Swedes move to the city, but don't leave the forest behind

Swedish forest

If there’s one thing that comes to mind when you think of Sweden besides Ikea and meatballs, it’s probably forests. They cover nearly 70 percent of the country. As a result, Swedes have a very close relationship with their forests, though the nature of it has changed in the last few decades.

Swedish forests have traditionally been accessible to all, regardless of ownership. People could walk into any old forest to gather firewood or pick berries. Berries in particular hold a special place in Swedish hearts. People still take weekend walks to pick lingonberries and blueberries. In fact, the Swedes love their berries so much that one paper from 1980 asked the question if picking, in conjunction with timber harvesting, was endangering berry supplies for future generations! But berries aren’t their only passion—hunting, fishing, and hiking are also high on the list.
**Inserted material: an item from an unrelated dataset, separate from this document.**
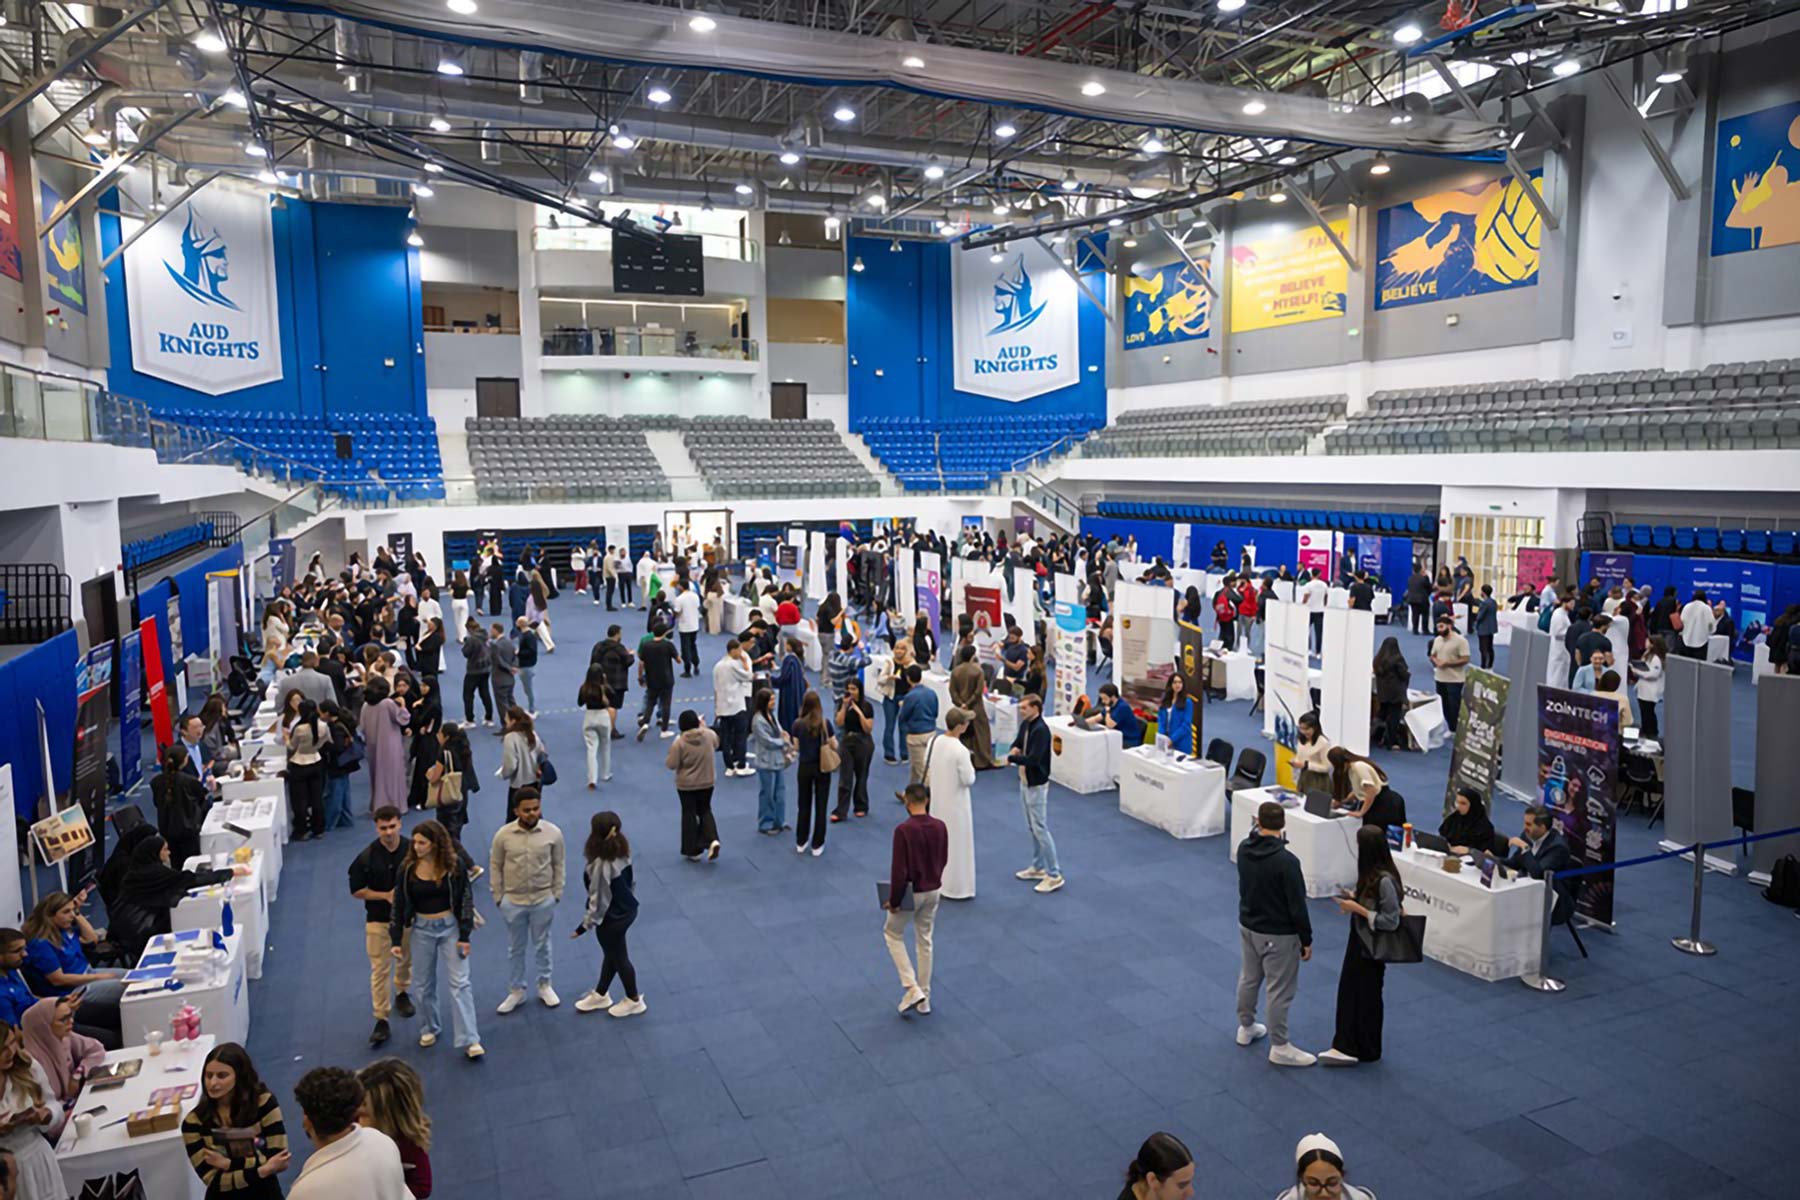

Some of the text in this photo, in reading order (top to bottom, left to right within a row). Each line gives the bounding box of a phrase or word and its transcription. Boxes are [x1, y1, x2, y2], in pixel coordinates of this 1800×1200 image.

Since transitioning from an rural society to an urbanized one between 1930 and 1970, Sweden’s forests have also undergone significant changes. As people no longer required a woodlot for self-sufficiency, industrial logging intensified. Timber companies reduced time between cutting from hundreds of years to 60 or 80. They also favored fast growing pines and spruces at the expense of old growth and deciduous species. After large clearcutting operations, companies replaced mixed age, mixed species stands with monocultures. With rising environmental awareness, practices changed in the 1990s, and clearcut sizes decreased while deciduous tree populations grew.
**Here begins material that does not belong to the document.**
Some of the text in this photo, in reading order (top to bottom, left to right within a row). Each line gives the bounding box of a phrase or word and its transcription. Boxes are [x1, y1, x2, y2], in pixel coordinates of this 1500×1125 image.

The Swedes’ deep devotion to the forest is hard to shake, and despite moving to the city, Swedes remain attached to their time outdoors. Still, the way they used the forest changed. Two surveys, one in 1977 and the other in 1997, illustrate this nicely. By 1997, more people frequently visited—more than three times a week, perhaps to retain some connection to nature. Yet at the same time, berry picking wasn’t very popular, except for people in the older age groups. That’s not to say the Swedes lost their taste for berries—the average respondent picked 4.5 liters in 1997. But it’s apparent that berry picking is a pastime that’s slowly being lost in the bustle of city living.

The authors suspect the shift is because older generations still retain personal bonds to the countryside. While older Swedes may not have lived in the country themselves, perhaps they had relatives who did. Younger people were born in the city, and do not share the same attachment to specific locales. For them, any forest will suffice.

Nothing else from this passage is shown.